もう一つ、ドキュメンタリーにおける重要な要素として、思いもかけない展開というか筋書きどおりに進まない感じというか、映画の中の人が思いもかけないことをしたり喋り出したりするそういう意外性がある。編集しきれないハプニングの要素。どこまでを編集の産物ととらえるかは難しい所だけれど、でもそういう要素があるかないかでドキュメンタリーの持つ力は大きく左右される。撮っている側がそして見ている側が、否応なく当初のプランや持っていた先入観を捨て去らなければいけなくなるような、取っている対象があらかじめ設定されたものの域を越えて立ち上がってくるような、そういう瞬間。
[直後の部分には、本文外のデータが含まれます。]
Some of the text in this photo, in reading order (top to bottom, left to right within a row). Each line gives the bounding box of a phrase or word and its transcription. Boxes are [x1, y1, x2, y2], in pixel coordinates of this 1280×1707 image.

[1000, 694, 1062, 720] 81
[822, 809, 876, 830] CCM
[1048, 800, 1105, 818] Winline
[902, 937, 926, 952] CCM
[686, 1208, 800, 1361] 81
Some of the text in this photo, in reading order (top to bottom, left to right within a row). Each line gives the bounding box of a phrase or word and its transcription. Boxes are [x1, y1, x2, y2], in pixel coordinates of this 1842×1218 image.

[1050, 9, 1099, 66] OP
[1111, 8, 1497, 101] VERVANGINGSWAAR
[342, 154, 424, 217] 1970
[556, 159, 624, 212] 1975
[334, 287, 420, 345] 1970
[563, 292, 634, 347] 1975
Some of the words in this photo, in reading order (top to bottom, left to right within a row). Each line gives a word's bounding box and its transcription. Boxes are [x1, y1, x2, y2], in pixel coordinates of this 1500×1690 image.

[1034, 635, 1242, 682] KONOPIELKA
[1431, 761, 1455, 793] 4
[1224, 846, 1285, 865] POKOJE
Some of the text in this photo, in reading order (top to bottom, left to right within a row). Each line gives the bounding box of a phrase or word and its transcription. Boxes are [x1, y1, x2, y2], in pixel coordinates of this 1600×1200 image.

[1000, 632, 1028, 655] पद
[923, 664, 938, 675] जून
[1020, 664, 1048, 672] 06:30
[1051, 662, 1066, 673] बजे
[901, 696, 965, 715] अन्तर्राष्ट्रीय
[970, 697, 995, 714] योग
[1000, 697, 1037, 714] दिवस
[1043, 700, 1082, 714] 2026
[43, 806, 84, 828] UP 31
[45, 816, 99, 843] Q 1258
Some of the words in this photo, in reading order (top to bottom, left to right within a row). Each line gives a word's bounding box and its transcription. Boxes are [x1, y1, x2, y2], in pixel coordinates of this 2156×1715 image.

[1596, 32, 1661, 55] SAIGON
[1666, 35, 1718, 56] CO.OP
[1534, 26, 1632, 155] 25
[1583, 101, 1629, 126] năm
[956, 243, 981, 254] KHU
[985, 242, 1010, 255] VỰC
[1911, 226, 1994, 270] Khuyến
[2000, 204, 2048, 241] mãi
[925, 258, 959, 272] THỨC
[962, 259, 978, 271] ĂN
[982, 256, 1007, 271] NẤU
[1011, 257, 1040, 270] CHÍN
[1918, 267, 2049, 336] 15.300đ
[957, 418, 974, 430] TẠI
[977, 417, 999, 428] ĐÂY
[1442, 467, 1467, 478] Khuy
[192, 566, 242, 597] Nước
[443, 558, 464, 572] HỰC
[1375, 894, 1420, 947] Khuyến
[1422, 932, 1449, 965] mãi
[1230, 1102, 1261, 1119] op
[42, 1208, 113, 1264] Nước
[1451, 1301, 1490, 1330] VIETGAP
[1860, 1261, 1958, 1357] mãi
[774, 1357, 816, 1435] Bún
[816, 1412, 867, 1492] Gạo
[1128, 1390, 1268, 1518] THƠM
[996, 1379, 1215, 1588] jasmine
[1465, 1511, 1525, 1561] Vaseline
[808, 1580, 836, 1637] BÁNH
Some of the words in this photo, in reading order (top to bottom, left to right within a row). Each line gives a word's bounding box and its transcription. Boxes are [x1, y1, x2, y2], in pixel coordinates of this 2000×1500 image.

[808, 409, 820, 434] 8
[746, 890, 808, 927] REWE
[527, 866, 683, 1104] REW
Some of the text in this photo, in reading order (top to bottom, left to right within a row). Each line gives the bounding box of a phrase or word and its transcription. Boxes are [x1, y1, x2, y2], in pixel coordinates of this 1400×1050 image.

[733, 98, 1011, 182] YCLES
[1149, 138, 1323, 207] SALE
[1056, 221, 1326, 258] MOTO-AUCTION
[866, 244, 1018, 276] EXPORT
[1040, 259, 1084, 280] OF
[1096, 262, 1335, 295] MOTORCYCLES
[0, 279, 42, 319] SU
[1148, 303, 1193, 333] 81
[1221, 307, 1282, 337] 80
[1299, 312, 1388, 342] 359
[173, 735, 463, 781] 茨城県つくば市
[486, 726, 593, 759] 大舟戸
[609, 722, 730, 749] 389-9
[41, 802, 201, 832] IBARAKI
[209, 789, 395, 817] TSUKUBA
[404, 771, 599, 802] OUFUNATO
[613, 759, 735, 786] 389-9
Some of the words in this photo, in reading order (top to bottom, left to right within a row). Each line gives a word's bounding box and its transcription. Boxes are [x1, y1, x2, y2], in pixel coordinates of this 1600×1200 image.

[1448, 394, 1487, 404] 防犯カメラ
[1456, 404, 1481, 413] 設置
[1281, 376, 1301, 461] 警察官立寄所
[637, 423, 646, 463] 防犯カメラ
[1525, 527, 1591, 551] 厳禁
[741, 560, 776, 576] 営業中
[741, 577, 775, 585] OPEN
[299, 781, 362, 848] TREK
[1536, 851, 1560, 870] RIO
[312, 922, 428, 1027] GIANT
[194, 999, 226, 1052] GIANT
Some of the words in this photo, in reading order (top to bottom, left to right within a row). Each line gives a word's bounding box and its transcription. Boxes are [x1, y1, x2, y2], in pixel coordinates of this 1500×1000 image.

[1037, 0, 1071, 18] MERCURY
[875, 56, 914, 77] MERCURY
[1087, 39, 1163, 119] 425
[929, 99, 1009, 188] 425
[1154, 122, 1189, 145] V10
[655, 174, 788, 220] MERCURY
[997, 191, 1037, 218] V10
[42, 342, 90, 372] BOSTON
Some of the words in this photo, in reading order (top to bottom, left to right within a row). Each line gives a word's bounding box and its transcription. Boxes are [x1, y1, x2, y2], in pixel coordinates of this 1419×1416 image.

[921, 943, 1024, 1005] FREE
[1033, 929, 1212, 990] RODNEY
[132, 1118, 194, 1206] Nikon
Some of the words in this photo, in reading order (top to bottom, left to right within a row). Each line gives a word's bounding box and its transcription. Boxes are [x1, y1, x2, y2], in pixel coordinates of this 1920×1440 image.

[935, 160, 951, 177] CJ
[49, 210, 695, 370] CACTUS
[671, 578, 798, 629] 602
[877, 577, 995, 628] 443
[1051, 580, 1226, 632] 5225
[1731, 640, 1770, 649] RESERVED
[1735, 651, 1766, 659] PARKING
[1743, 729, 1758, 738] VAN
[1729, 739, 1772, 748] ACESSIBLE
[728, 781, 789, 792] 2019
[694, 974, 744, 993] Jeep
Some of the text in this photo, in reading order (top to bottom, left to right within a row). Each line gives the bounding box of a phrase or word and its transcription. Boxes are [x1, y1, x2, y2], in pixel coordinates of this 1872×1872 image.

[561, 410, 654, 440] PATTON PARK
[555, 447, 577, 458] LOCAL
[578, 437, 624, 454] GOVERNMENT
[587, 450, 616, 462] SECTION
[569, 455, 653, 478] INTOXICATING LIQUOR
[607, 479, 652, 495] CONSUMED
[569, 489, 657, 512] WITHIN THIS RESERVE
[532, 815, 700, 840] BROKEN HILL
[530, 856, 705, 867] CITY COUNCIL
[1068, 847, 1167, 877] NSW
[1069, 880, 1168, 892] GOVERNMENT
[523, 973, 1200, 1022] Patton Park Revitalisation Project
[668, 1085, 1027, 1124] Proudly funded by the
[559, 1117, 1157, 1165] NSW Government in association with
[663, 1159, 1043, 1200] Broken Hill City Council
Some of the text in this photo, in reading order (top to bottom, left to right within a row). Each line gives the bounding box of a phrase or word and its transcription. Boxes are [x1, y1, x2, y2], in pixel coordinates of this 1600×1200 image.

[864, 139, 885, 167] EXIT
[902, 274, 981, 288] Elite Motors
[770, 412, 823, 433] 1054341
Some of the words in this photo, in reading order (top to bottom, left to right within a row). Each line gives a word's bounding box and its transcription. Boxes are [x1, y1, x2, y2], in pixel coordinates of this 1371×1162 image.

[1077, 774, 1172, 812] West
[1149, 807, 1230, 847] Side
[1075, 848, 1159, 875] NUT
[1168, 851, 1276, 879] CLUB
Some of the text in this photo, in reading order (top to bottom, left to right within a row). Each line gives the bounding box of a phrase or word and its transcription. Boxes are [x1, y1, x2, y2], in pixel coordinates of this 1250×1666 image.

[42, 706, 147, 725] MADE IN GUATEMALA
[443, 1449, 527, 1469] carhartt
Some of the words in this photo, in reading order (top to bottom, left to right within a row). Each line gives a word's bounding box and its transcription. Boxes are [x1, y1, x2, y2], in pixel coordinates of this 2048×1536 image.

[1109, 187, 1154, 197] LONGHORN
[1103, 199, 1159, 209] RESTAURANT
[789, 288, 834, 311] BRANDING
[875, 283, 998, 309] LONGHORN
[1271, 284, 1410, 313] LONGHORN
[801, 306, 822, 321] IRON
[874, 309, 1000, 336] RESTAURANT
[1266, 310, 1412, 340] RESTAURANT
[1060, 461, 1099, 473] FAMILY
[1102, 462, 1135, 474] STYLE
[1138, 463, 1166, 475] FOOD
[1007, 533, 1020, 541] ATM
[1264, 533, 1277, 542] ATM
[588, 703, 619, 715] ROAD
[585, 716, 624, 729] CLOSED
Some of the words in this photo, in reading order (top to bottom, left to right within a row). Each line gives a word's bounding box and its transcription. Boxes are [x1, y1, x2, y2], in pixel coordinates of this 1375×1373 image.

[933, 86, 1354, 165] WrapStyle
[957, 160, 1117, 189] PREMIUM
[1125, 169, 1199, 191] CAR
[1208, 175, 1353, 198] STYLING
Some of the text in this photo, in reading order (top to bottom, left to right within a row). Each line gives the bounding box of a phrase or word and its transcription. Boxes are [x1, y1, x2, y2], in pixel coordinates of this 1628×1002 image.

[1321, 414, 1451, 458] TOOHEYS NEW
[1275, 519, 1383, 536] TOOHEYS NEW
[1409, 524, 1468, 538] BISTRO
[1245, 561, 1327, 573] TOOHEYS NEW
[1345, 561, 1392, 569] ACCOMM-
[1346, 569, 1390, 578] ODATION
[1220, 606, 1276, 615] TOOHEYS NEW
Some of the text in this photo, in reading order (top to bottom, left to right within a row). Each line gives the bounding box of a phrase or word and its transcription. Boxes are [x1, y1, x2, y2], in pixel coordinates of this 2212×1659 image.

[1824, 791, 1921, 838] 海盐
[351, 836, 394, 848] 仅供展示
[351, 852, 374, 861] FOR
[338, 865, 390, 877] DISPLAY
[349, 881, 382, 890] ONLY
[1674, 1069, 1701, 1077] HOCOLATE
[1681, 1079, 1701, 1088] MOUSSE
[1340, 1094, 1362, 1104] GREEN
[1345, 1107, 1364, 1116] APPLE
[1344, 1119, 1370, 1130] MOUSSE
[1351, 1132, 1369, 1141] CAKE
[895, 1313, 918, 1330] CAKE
それを捉えることができるかどうかにドキュメンタリーのすべてがかかっているといっても過言ではないかもしれない。

ムーアの映画の魅力は彼自身のキャラクターと、その飄々とした独自の語り口が人々のうちから引き出す思いもかけない一面の存在にあると思うのだけれど、それもまた"Fahrenheit 9.11"ではあまりいかされていないように思った。地元フリント(それにしても彼のフリントへの思いの強さは本当に本当にすごいと思う。こういう誠実さを持った映像作家はそう多くはいない)でのインタビューはさすがにすごくて、特に毎日国旗を掲げているお母さんや、息子を失った母親とその家族へのインタビューはすごく力がこもっていたけれど、それ以外の、政治家に対するインタビューやDCでのゲリラ的な行為は映画的にはあまりうまくいったとはいえないと思う。政治家に対するアプローチとその失敗を映画に盛り込むことは必要なことだったと思うけれど、でも、その失敗していく過程があまりにさらりとしているというか......まぁ、相手は政治家だ、というのもあるのだろうけれど、何というか、うん、あまりにさらりとしすぎていた感がある。対象がつかみきれていないというか...... 例えば息子を亡くしたお母さんはすごいインパクトがあって、一人の人間としてグアーっと立ち上がってくるような所があるのに、ムーアが撮る政治家の人は全然個別性がなくて体温も感じられなくて、とにかくつかみどころがないままなのだ。それはそれで政治家の本質をとらえているというか、一般市民と政治家の間の温度差を示すことになっているのかもしれないけれど......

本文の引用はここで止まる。